Paris November: Guillaume Lemarchal

Galerie Michèle Chomette: Paysages exfiltrés – Guillaume Lemarchal

Galerie Michèle Chomette did have a small notice on the street, but from then on you were on your own.  At first we walked through into the courtyard, but it wasn’t there and we came back to the doors on our right and found a complicated entry system, that didn’t appear to work. We would have given up, but a more persistent Frenchman tried every button on the entry phone and had a long conversation with the only person who would answer, a young woman who lived on the first floor and had never heard of the gallery. Eventually she was persuaded to let us in to the building and we walked up the two floors to the gallery, which was showing the cold winter landscapes, Paysages exfiltrés, of Guillaume Lemarchal.
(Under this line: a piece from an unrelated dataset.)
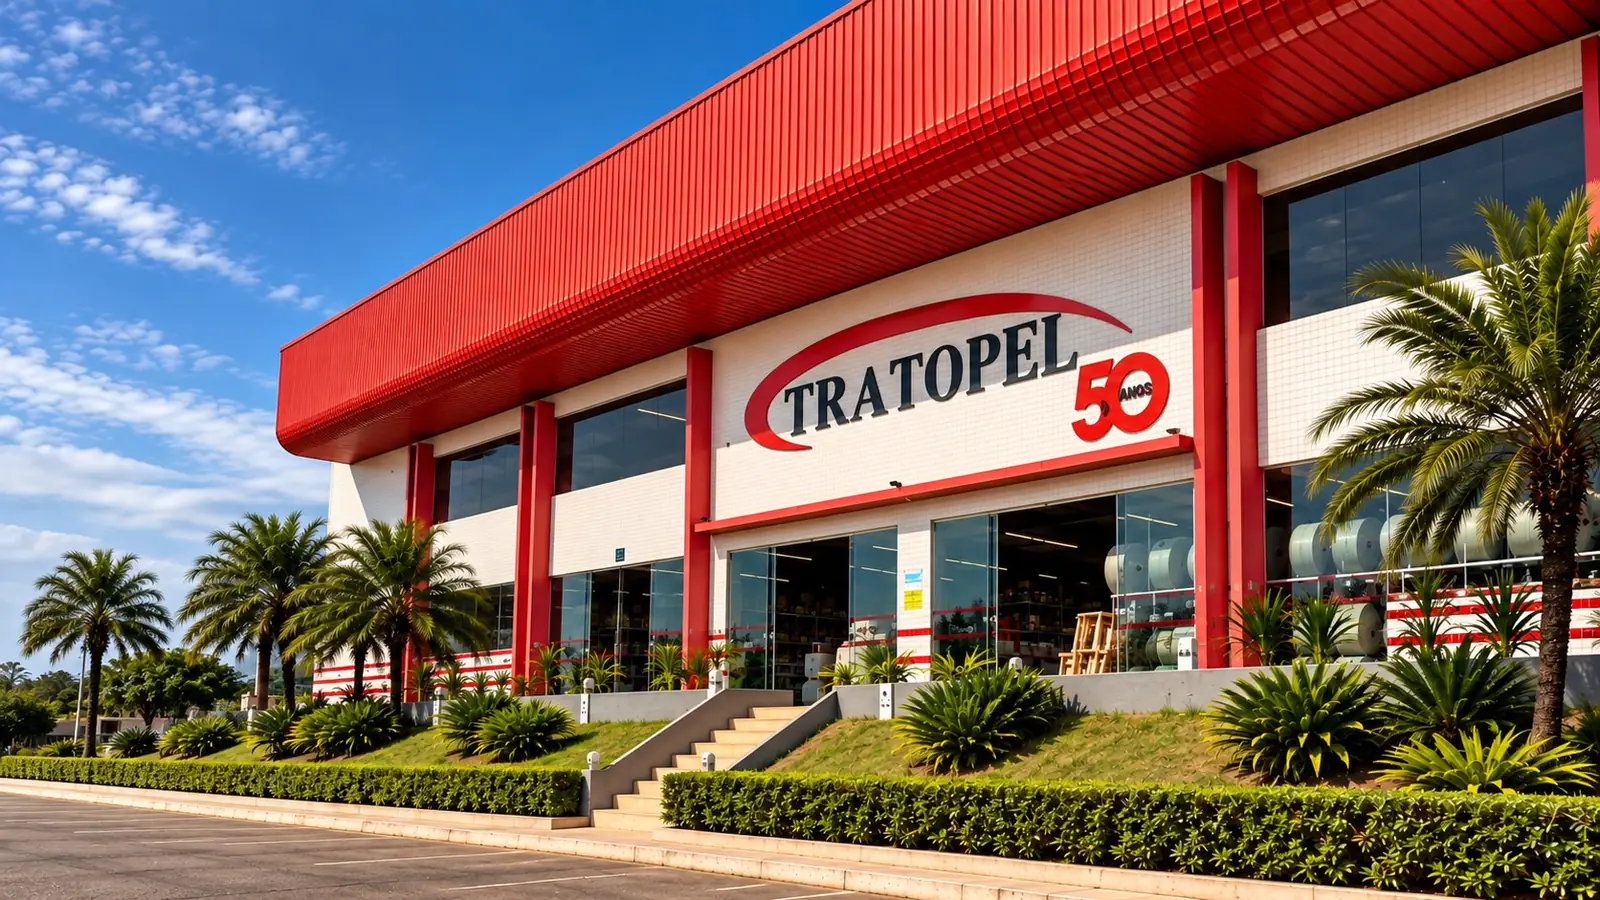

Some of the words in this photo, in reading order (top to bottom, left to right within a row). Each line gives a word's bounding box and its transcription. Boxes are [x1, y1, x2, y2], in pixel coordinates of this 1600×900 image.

Although I’d taken the precaution of being accompanied by an interpreter, she proved of little assistance over the title of this show. Did it simply mean without using photographic filters – certainly it wasn’t the tobacco graduate school of landscape that many of the more  commercially successful British landscape photographers have flogged beyond death. But perhaps it (and we think the closest English equivalent might be “unfiltered”)  is also meant to imply something more philosophical than practical, that Lemarchal is not viewing the landscape through the conventional frames of reference of landscape art.

The spaces that Lemarchal photographs are empty. In particular although they show the residues of human action they are unpeopled, and often further abstracted from their history by a covering of snow. He likes to work in winter in northern regions, north Germany, Estonia and the Ukraine, and his palette is thus largely cool and unrelieved by warm tones.  They are open and inhabited by light.  Often there are deserted – or rather abandoned – buildings, perhaps once part of secret military installations, sites with a certain mystery.

Although it’s work that I think has a considerable presence and power, I didn’t warm to it – perhaps because of the very coldness of the landscapes he depicts. Lemarchal is a relatively young French photographer (b 1974) and earlier this year this work won the 2008 HSBC Foundation for Photography award.

I can’t find a good selection of this work on line, though there are small images on the links above, and a rather nice image of a piano here – click on it to see it larger. But the best place to see his work on line is on his portfolio site, where the  mémoires et murmurs page contains a number of these pictures. But there are pictures on his other pages that I admire more.